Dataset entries
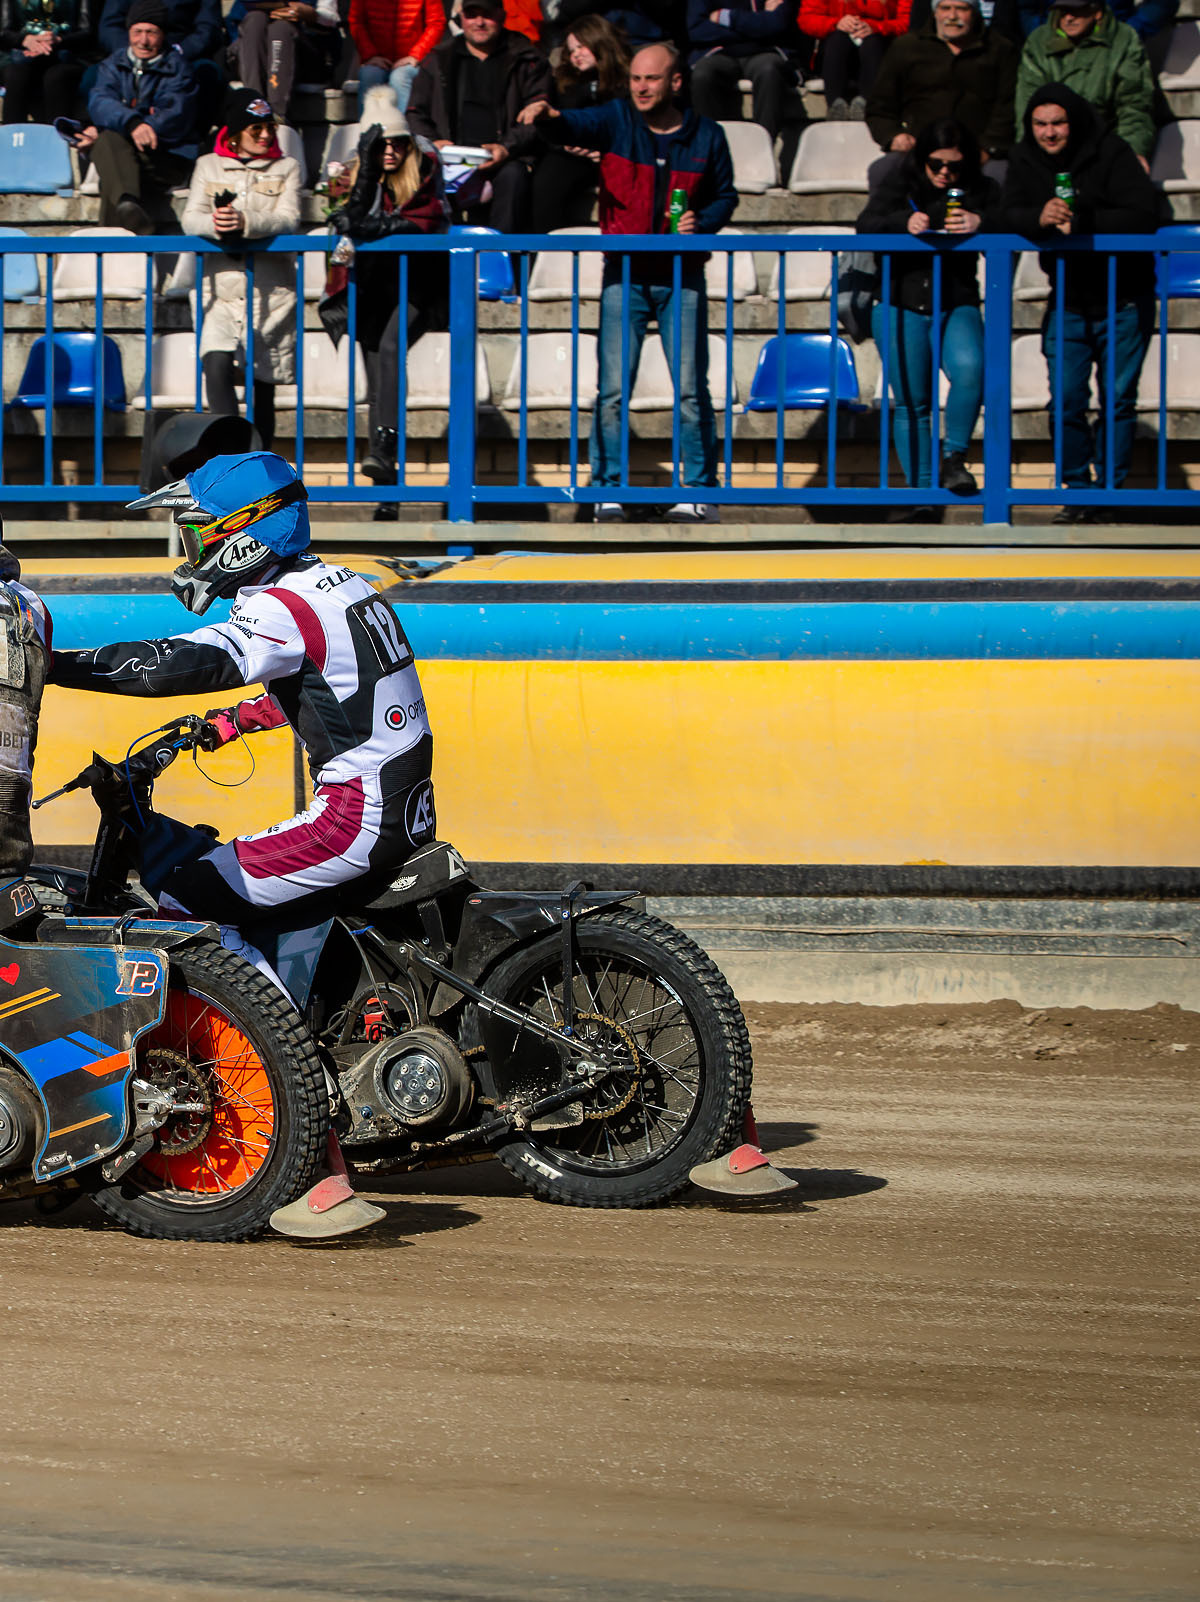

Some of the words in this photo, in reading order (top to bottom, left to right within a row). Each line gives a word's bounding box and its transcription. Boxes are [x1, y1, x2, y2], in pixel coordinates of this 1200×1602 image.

[12, 131, 25, 147] 11
[315, 567, 357, 593] ELLIS
[363, 600, 410, 664] 12
[10, 883, 37, 917] 12
[114, 960, 160, 997] 12
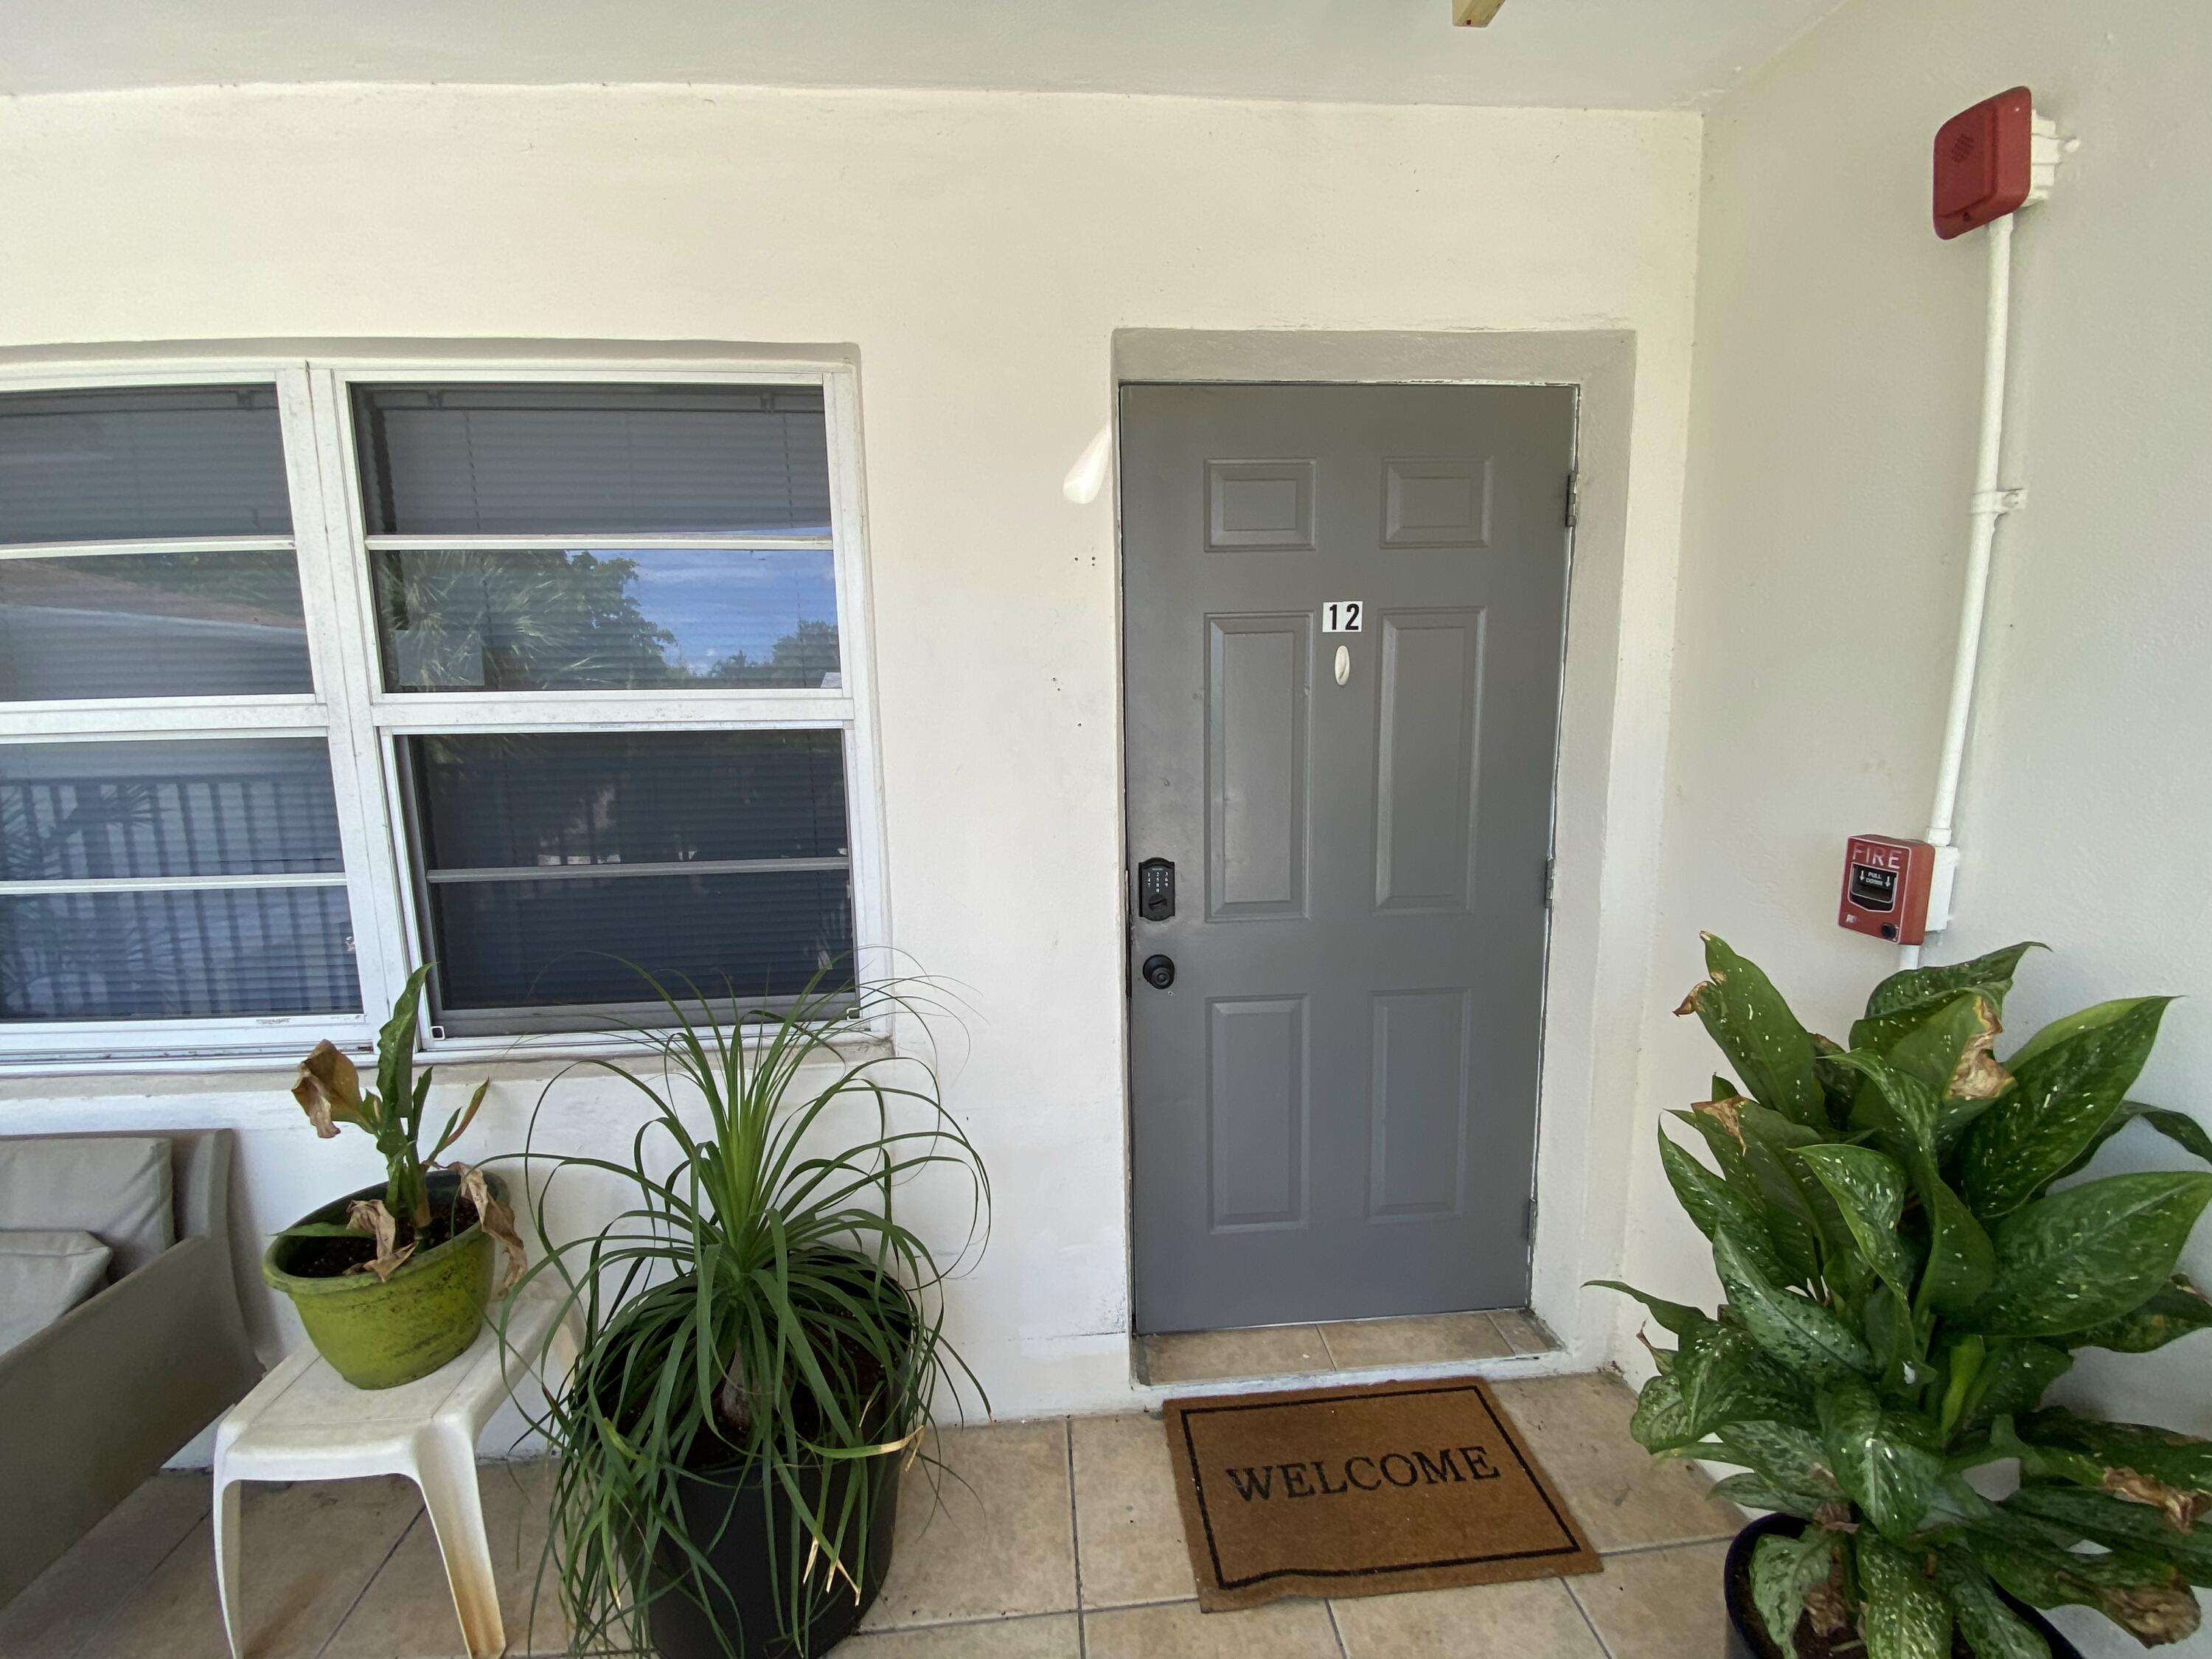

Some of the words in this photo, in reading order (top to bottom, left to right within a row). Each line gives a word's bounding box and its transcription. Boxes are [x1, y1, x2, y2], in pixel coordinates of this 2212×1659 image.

[1329, 603, 1360, 630] 12
[1852, 842, 1902, 869] FIRE
[1865, 877, 1883, 886] DOWN
[1868, 872, 1882, 880] PULL
[1226, 1445, 1500, 1502] WELCOME

TO DO
Each record must be set down again without alteration, and no picture may be carried over.

RESULT OF THIS EXERCISE
Some of the words in this photo, in reading order (top to bottom, left to right within a row). Each line gives a word's bounding box and its transcription. Boxes are [x1, y1, x2, y2], in pixel coordinates of this 1200×1602 image.

[12, 131, 25, 147] 11
[315, 567, 357, 593] ELLIS
[363, 600, 410, 664] 12
[10, 883, 37, 917] 12
[114, 960, 160, 997] 12

Some of the words in this photo, in reading order (top to bottom, left to right within a row). Each line gives a word's bounding box and its transcription. Boxes are [x1, y1, x2, y2], in pixel coordinates of this 2212×1659 image.

[1329, 603, 1360, 630] 12
[1852, 842, 1902, 869] FIRE
[1865, 877, 1883, 886] DOWN
[1868, 872, 1882, 880] PULL
[1226, 1445, 1500, 1502] WELCOME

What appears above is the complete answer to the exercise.